(Study material)
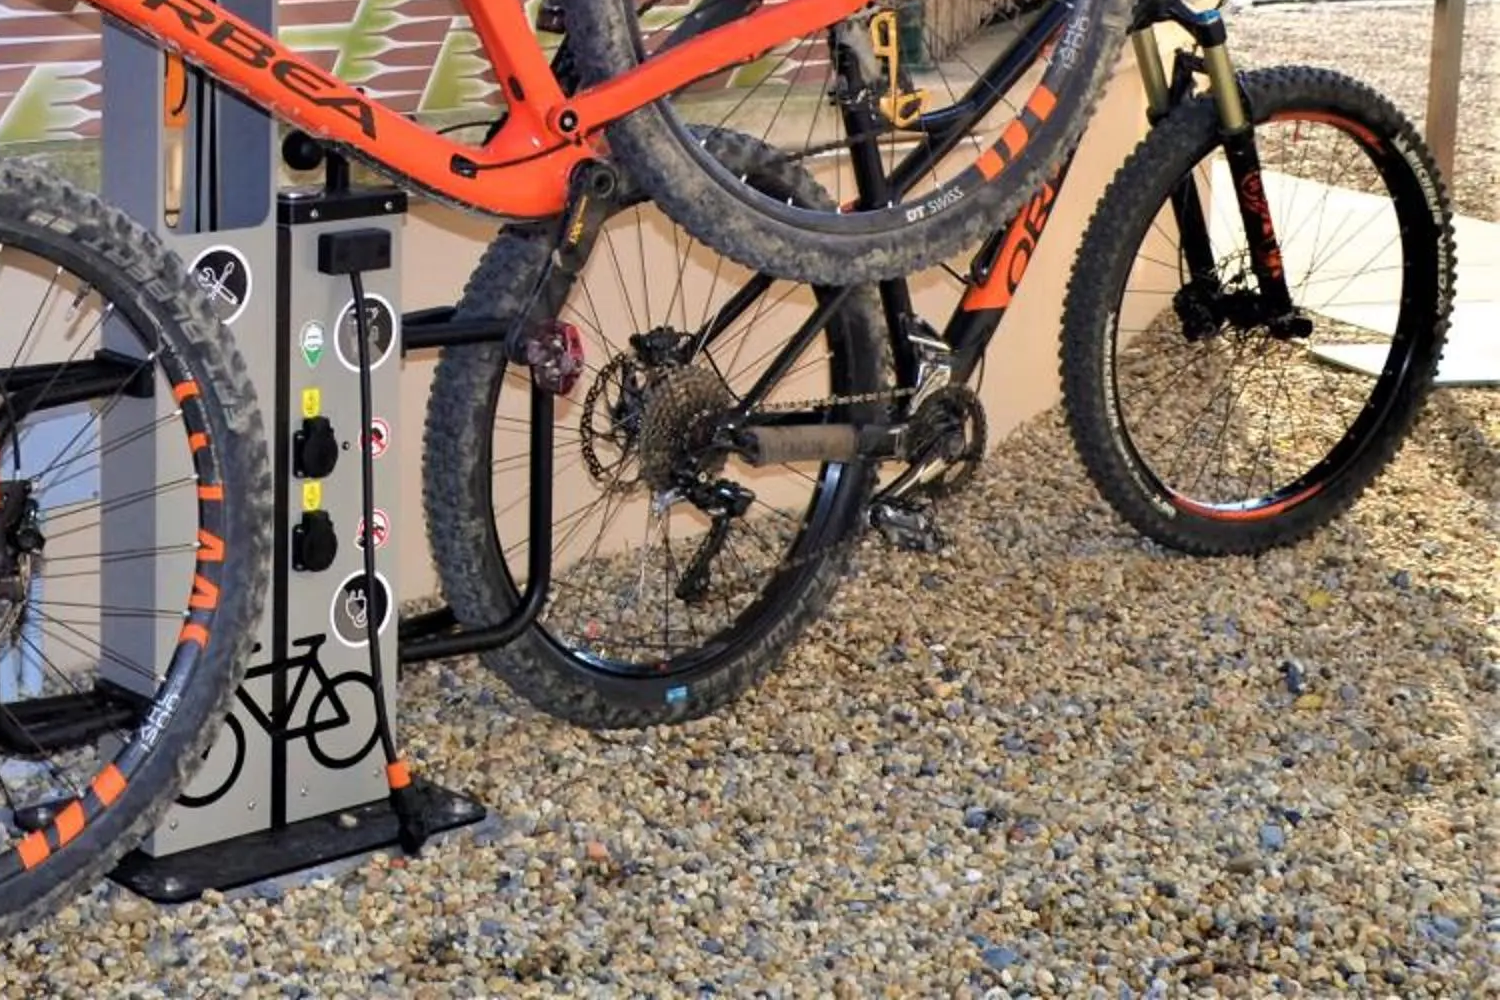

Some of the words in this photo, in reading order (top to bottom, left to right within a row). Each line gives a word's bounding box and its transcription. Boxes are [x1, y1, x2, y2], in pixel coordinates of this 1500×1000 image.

[905, 205, 925, 223] DT
[927, 185, 965, 214] SWISS
[1405, 149, 1444, 225] MICHELIN
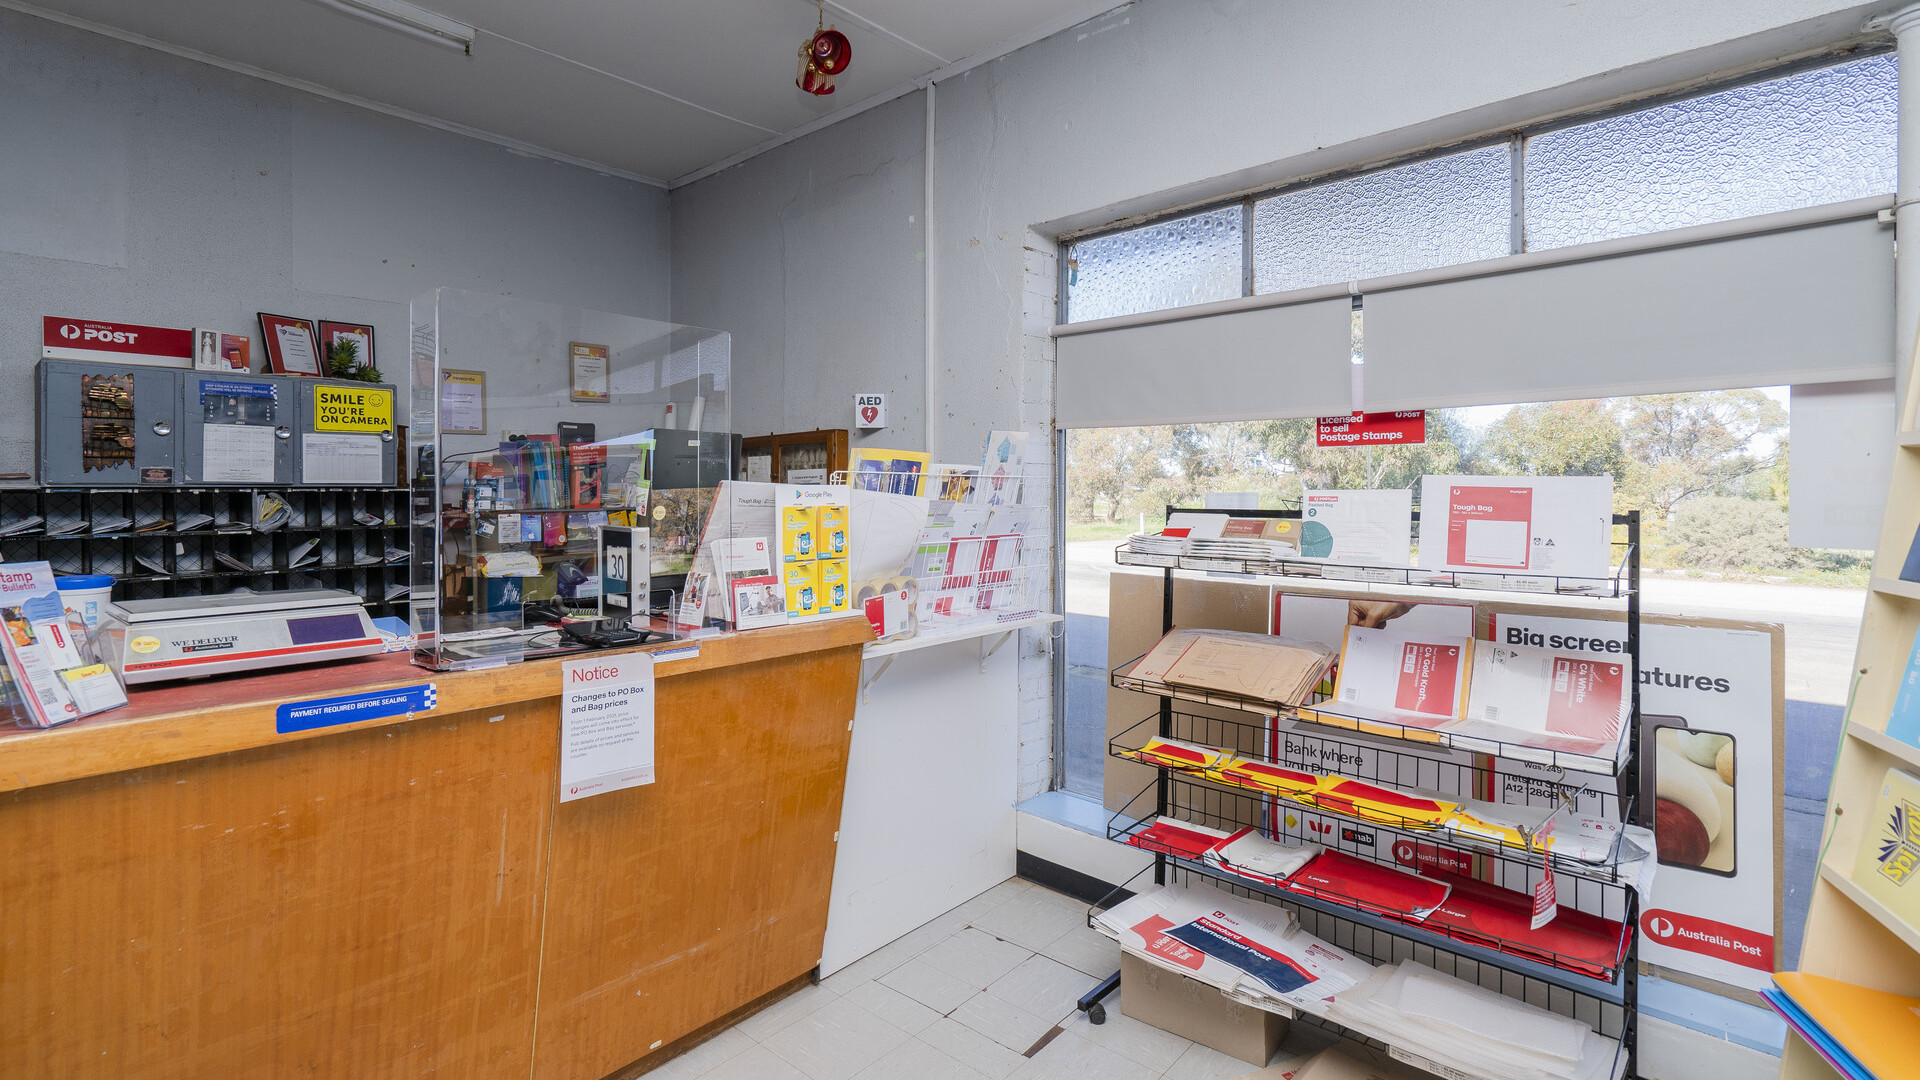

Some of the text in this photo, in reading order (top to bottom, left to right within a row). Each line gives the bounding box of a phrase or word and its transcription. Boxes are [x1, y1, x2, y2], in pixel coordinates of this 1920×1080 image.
(End Study material)
### Task prompt
The data is to be printed again exactly, but without its pictures.

### Response
Some of the words in this photo, in reading order (top to bottom, left to right within a row). Each line gives a word's bounding box and its transcription. Boxes are [x1, y1, x2, y2], in pixel coordinates of this 1500×1000 image.

[905, 205, 925, 223] DT
[927, 185, 965, 214] SWISS
[1405, 149, 1444, 225] MICHELIN

Some of the text in this photo, in reading order (top to bottom, left to right within a row). Each line gives the bounding box of a phrase or word and its transcription. Boxes are [x1, y1, x2, y2], in pixel coordinates of this 1920×1080 image.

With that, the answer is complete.